From a social and ethical standpoint, Bazaar’s hiring of an autistic woman makes sense. But with one quick look at the metrics surrounding such a move, it's easy to see why the hire works from a strictly-business perspective, too.

At 75 percent, Bazaar had a poor turnover rate — just like so many in the jan/san distribution and commercial cleaning industries. Then the company implemented a program that supported hiring people with disabilities. That results have been fantastic.

“We could have very easily just accepted we were a high-turnover business and not even considered what other options we had from a hiring perspective,’ says Nardick, according to Minutes. “But of the people we’ve brought on with disabilities, we’ve had zero turnover. We’ve had people working with us for three years and, more importantly, really appreciate the opportunity. Our team is excited to show up to work every day because we’ve created an environment of empowerment.” 

The people with disabilities that Bazaar hires don’t get any preferential treatment. The pay the receive and the duties they must perform are just the same as those given to any other worker.
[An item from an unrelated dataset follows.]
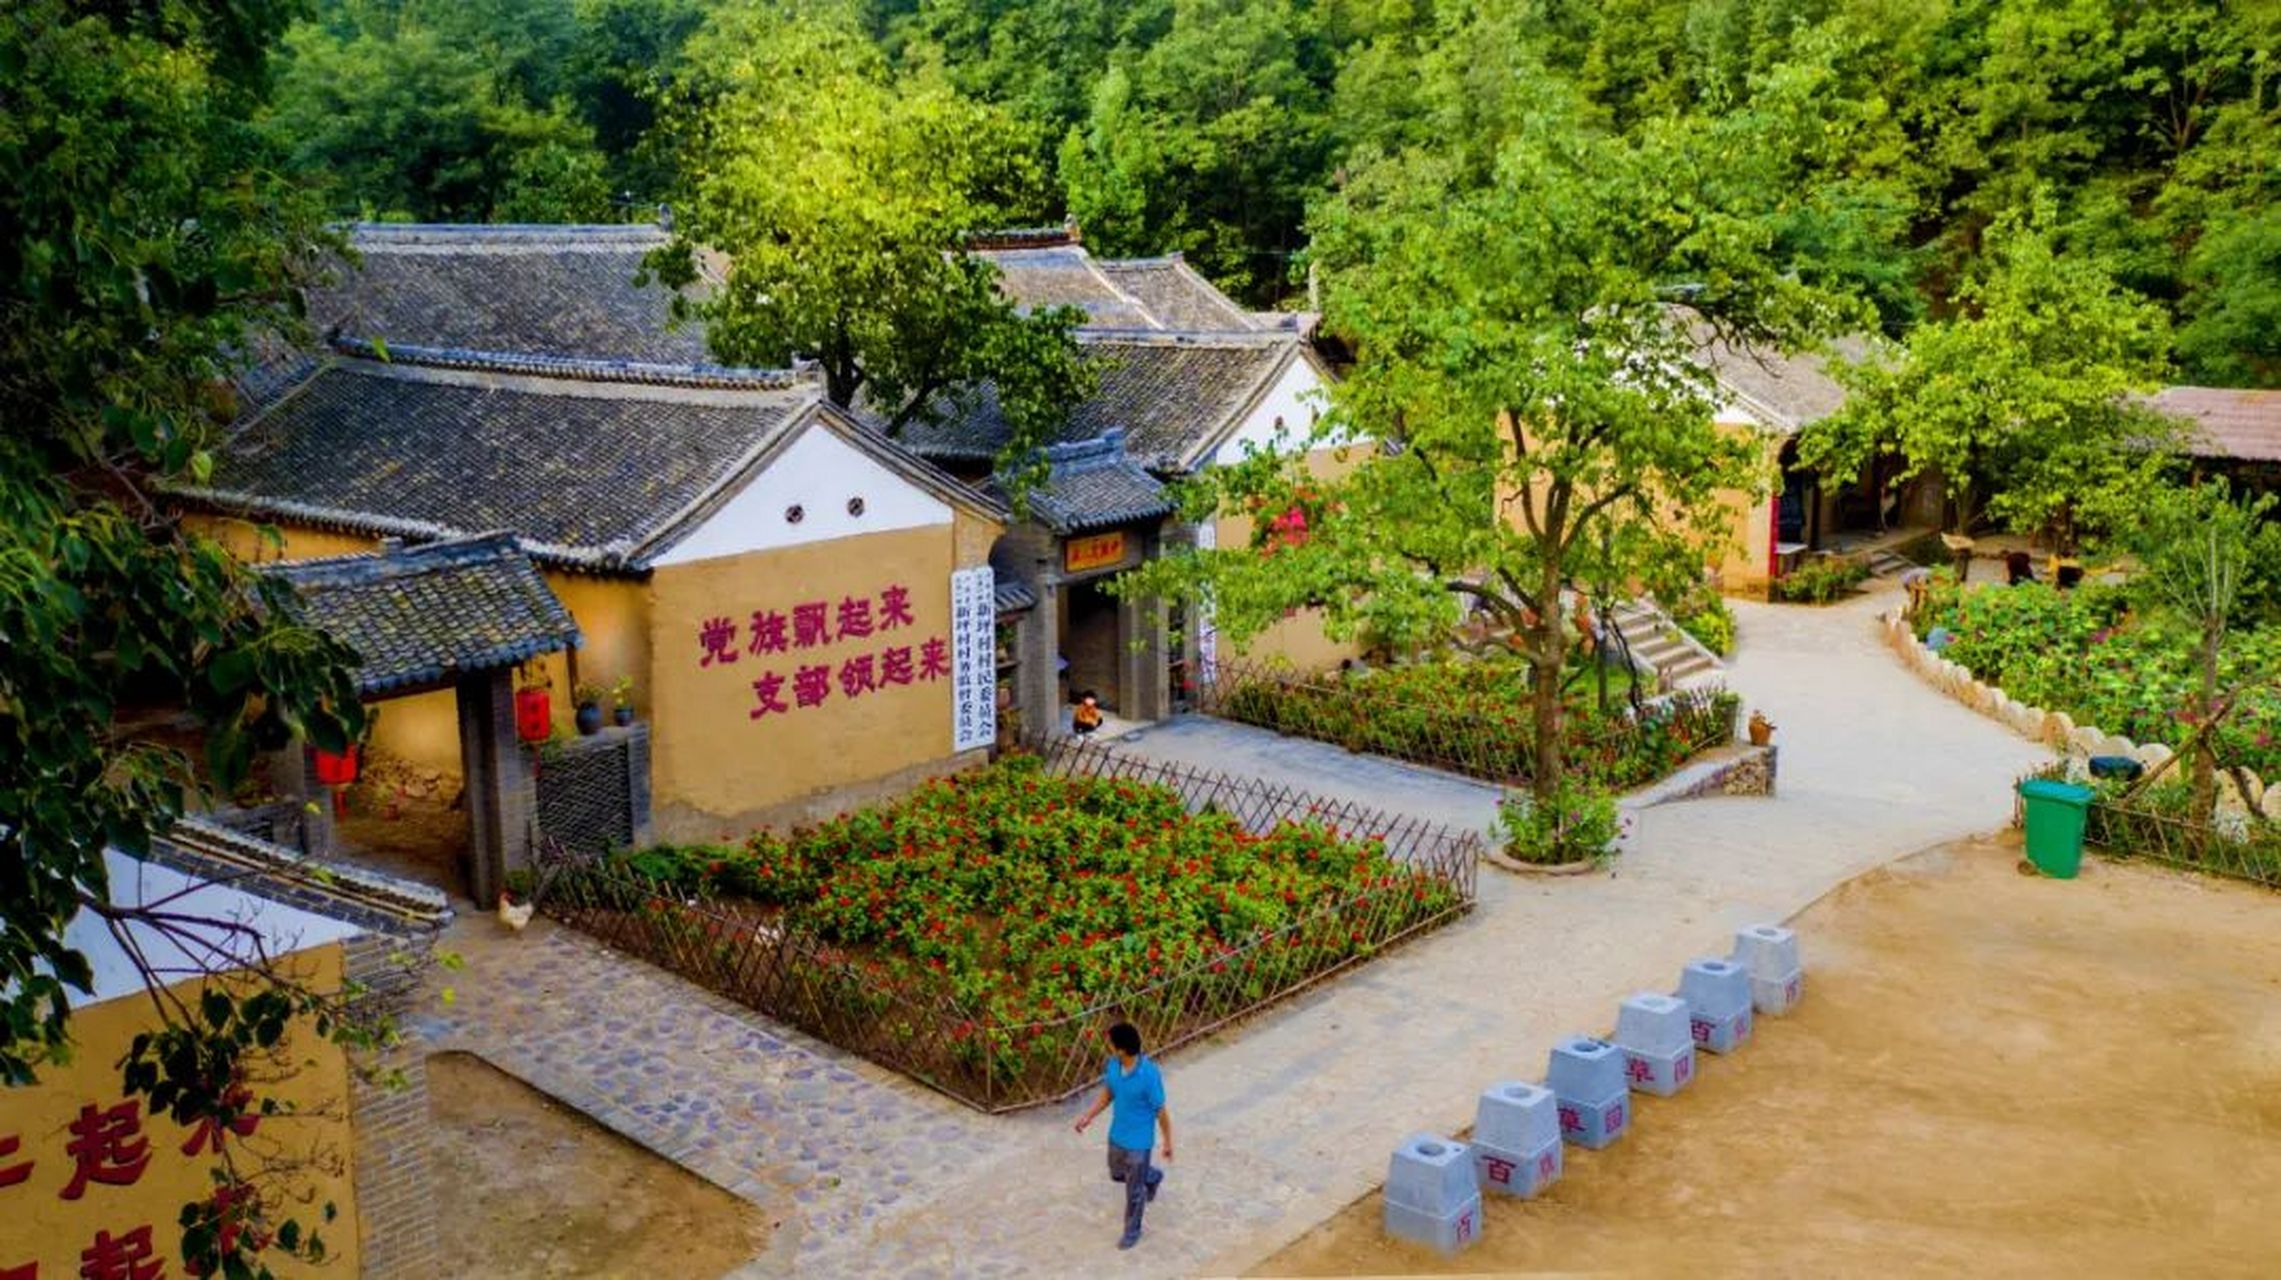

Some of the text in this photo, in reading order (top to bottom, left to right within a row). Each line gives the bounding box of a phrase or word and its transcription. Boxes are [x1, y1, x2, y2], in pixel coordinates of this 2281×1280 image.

Disability hires are also expected to produce like all other employees.

“[Hiring someone with a disability] might require we incorporate some additional visual supports, or a tool or resource nobody else has thought to use, but we do our best to support each and every new hire so the best of our, and their, ability,” says Nardick.

For those interested in implementing a disability program, Nardick gives the following tips:

1. Look to the positions that experience the highest turnover

2. Reach out to organizations that help differently-abled people find jobs, like

3.Make job descriptions behavior-based, instead of skill-based

4. Have an open mind.

To read Nardick’s story and advice in its entirety, click here.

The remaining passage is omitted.